Однако, как отмечает Ливингстон, во времена Юма партии «по принципам» становились в большей мере философскими, нежели религиозными. Конфликты между идеологическими партиями в современном мире проходят острее: абсолютизм кажущегося рациональным принципа не допускает компромиссов. Люди, отвергающие партийные принципы, в лучшем случае нуждаются в перевоспитании, как было у маоистов. А в худшем, если само их существование противоречит принципам партии, они должны быть удалены с политического поля или просто уничтожены. Кулаки противоречили принципам советского коммунизма, а евреи – принципам арийского нацизма.

Для Гоббса преимущество левиафана заключается в том, что этот монстр прекращает всякую фракционную борьбу. Мелкомасштабные бунты все же могут происходить, да и беспорядки с преступностью никуда не денутся; но организованные, наделенные законным статусом организации, соперничающие друг с другом в борьбе за захват государства, в теории Гоббса запрещены. А это значит, что даже религия должна полностью контролироваться государством во всех своих публичных аспектах. Однако партийное государство не проводит черту там, где это делает Гоббс – оно продолжает вести себя как фракция даже после обретения высшей власти. А структура партийного государства отражает эту особенность: занять высокое положение в нацистской партии гитлеровской Германии или в коммунистической партии сталинской России было ничем не хуже, а порой даже лучше, чем добиться высокой должности в государственном аппарате. Партия это власть, стоящая над властью, фракция, стоящая над государством.

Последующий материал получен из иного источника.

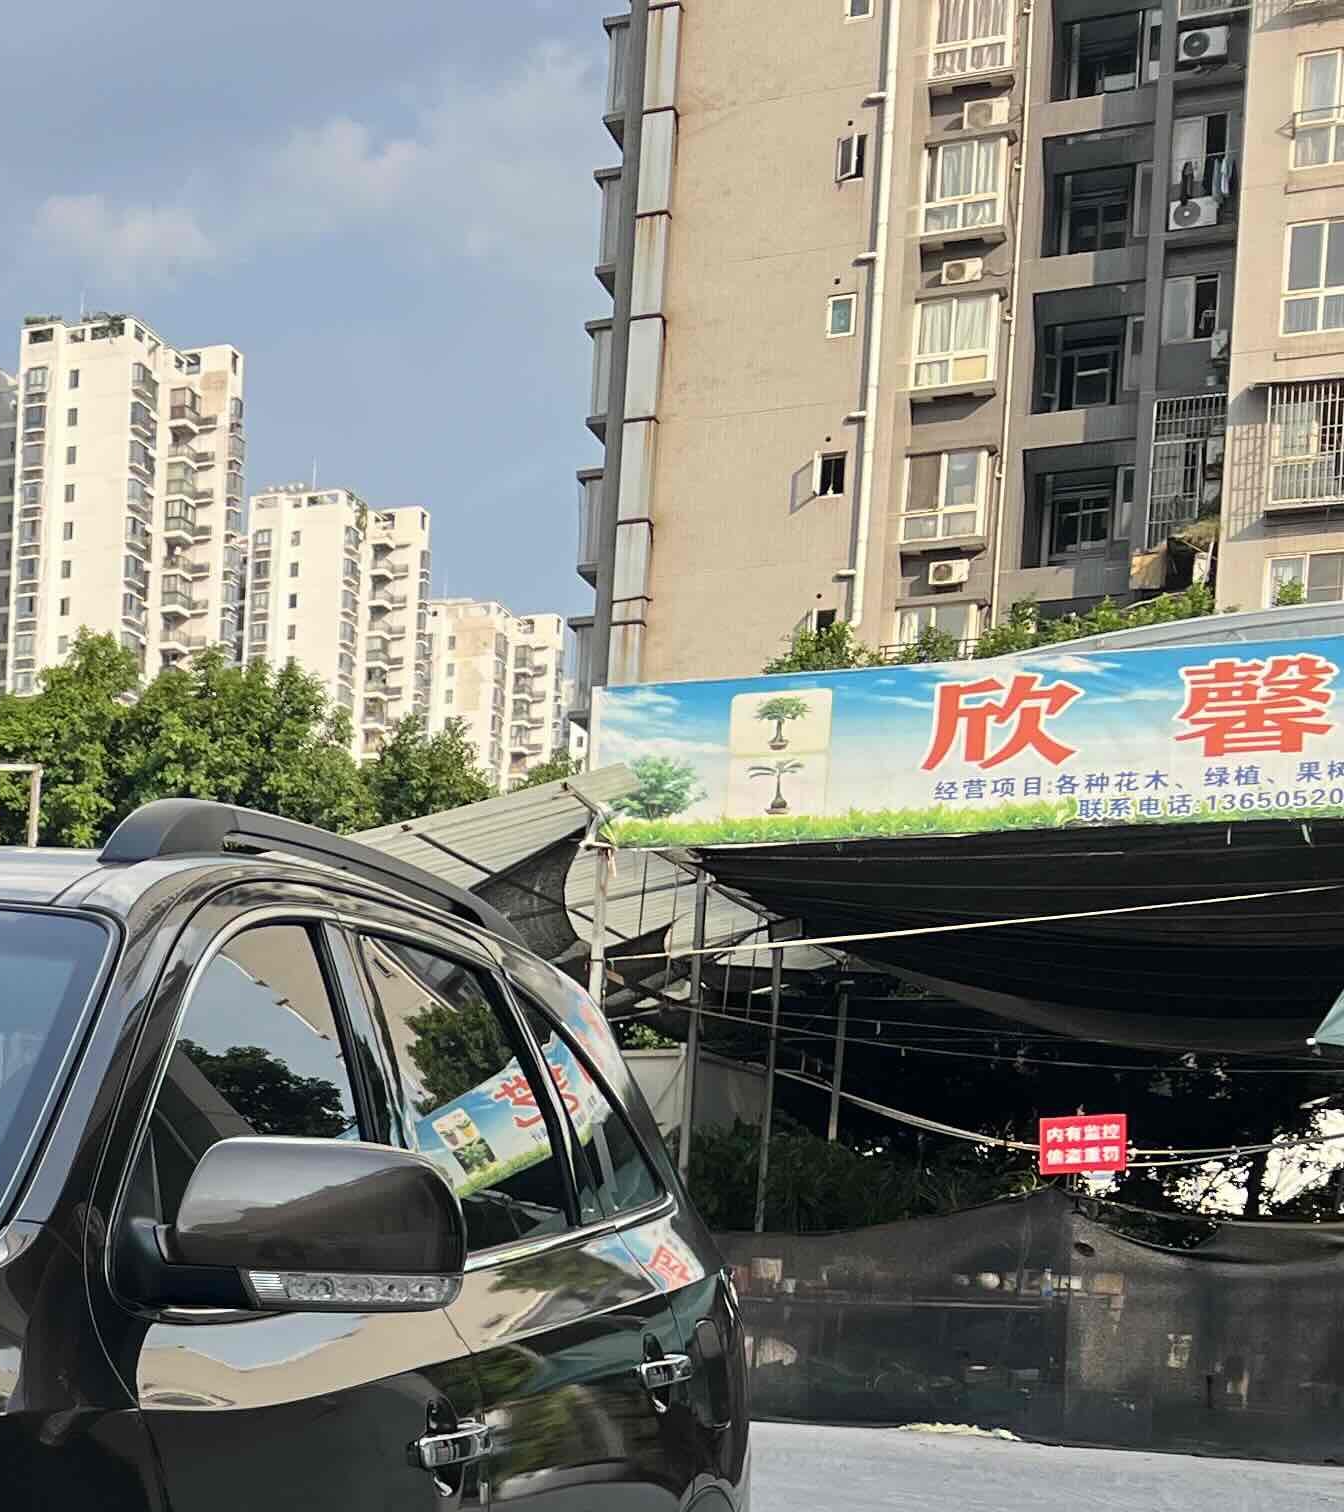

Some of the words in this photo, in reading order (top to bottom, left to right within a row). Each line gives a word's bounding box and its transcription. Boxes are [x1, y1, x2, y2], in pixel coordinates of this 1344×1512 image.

Так что же, в таких обстоятельствах само государство является первоочередной проблемой, или оно просто инструмент, даже жертва еще большего зла? На практике это не имеет значения, но философские различия нуждаются в исследовании. Гоббс никак не мог бы согласиться с тем, что коммунистическая Россия или нацистская Германия это государства, реализованные в полной мере. Можно утверждать, что это были слабые государства, которым партии внушали благоговейный страх, или вообще никакие не государства, а лишь вооруженные фракции, причем гораздо более могущественные и влиятельные, чем их оппоненты. (Интересно заметить, что СССР окончательно распался, когда традиционная ветвь государства армия бросила вызов хунте коммунистической партии.)

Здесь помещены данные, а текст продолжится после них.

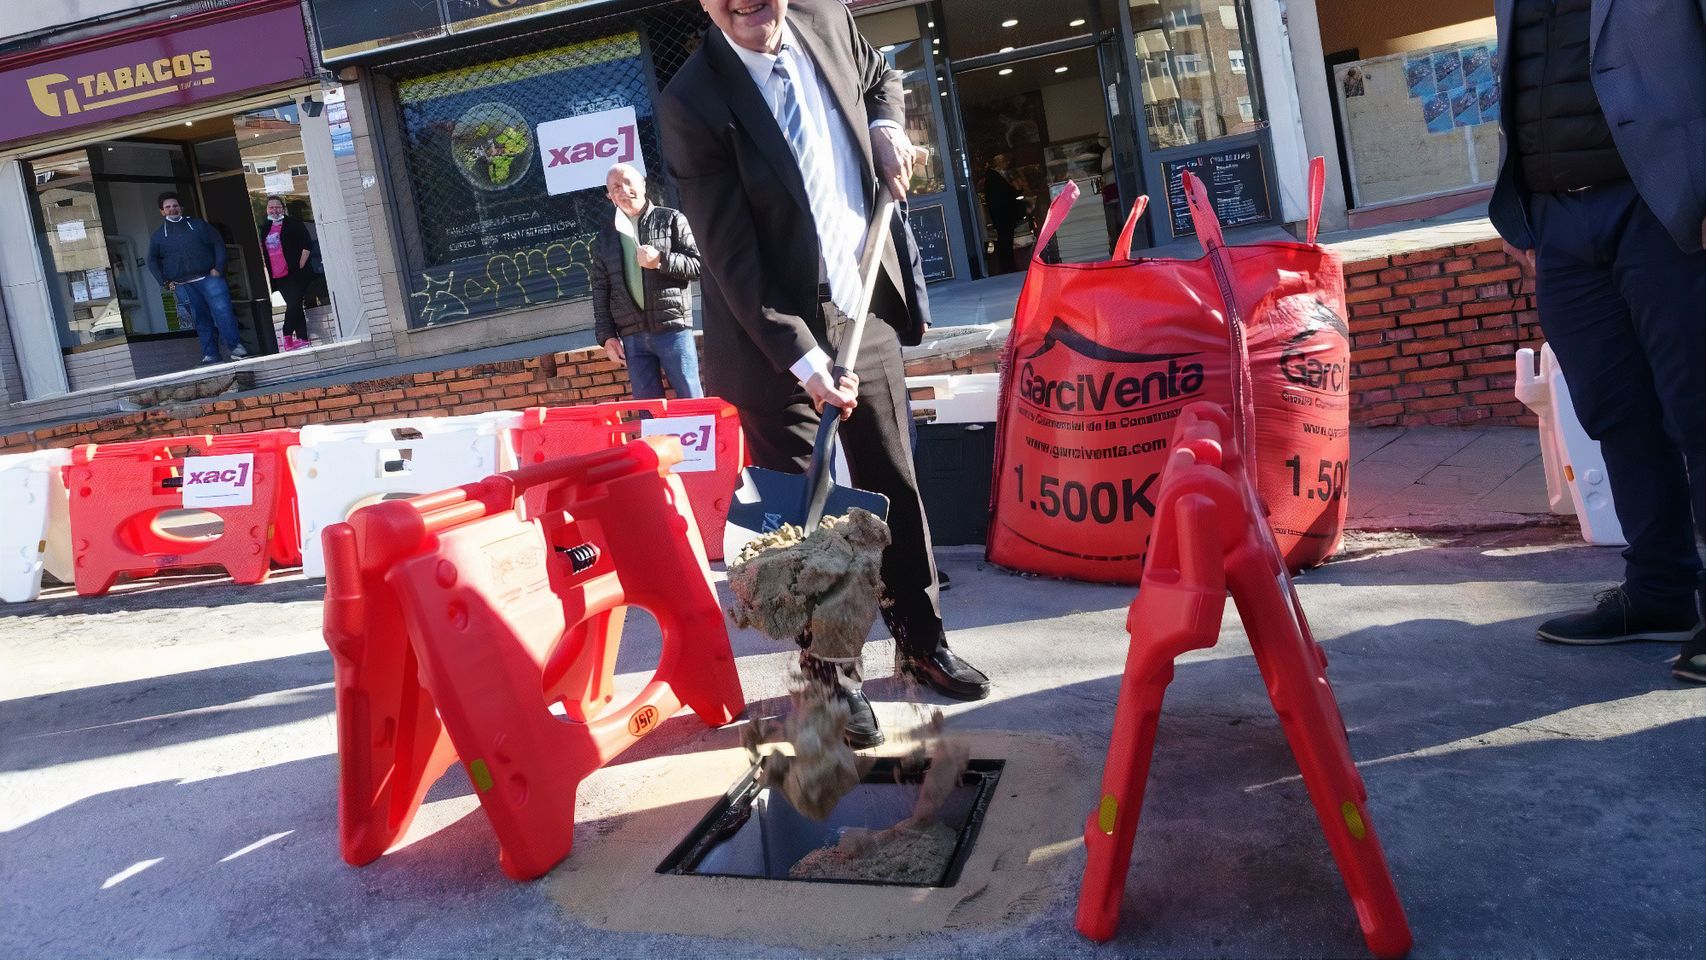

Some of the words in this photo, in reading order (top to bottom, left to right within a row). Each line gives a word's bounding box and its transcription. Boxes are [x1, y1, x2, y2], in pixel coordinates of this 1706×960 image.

[77, 49, 213, 98] TABACOS
[1020, 360, 1205, 412] GarciVenta
[1280, 350, 1348, 392] Garci
[634, 708, 654, 734] JSP

Все это ни в коей мере не должно смягчать взгляды на государственную власть и жестокости. Но случаются времена, когда сильное традиционное государство предпочтительнее идеологических фракций с их разрушительным воздействием. Именно об этом говорил Уильям Линд (William S. Lind), когда он писал некоторое время тому назад, что мы серьезно заинтересованы в выживании и сохранении государства на Ближнем Востоке. (Прав он или неправ на сей счет, но таковы его рассуждения.) А идеологическая фракция это сама по себе потенциально смертельная опасность. Конечно, Джеймс Мэдисон (James Madison) утверждал, что «свобода для фракции это то же самое, что воздух для огня; это та подпитка, без которой огонь мгновенно погаснет». Он также отмечал: «Столь же глупо и безрассудно запрещать свободу, которая жизненно важна для политической жизни, питая фракции,  сколь безрассудно желать уничтожения воздуха, который жизненно важен для животного мира». Ссылаясь на работу Юма «Идея совершенного государства», Мэдисон думал, что нашел решение проблемы сдерживания фракций без обозначения пределов свободы в представлении о большой республике, возглавляемой представительной политической элитой. Но он с ужасом увидел, что фракционность все равно возникает в не столь уж и молодых Соединенных Штатах.

К счастью для нас, фракции по интересам (а обычно это фракции не очень разных интересов) на протяжении последних 200 с чем-то лет американской истории затмевают собой фракции по принципам. Но такое может быть не всегда.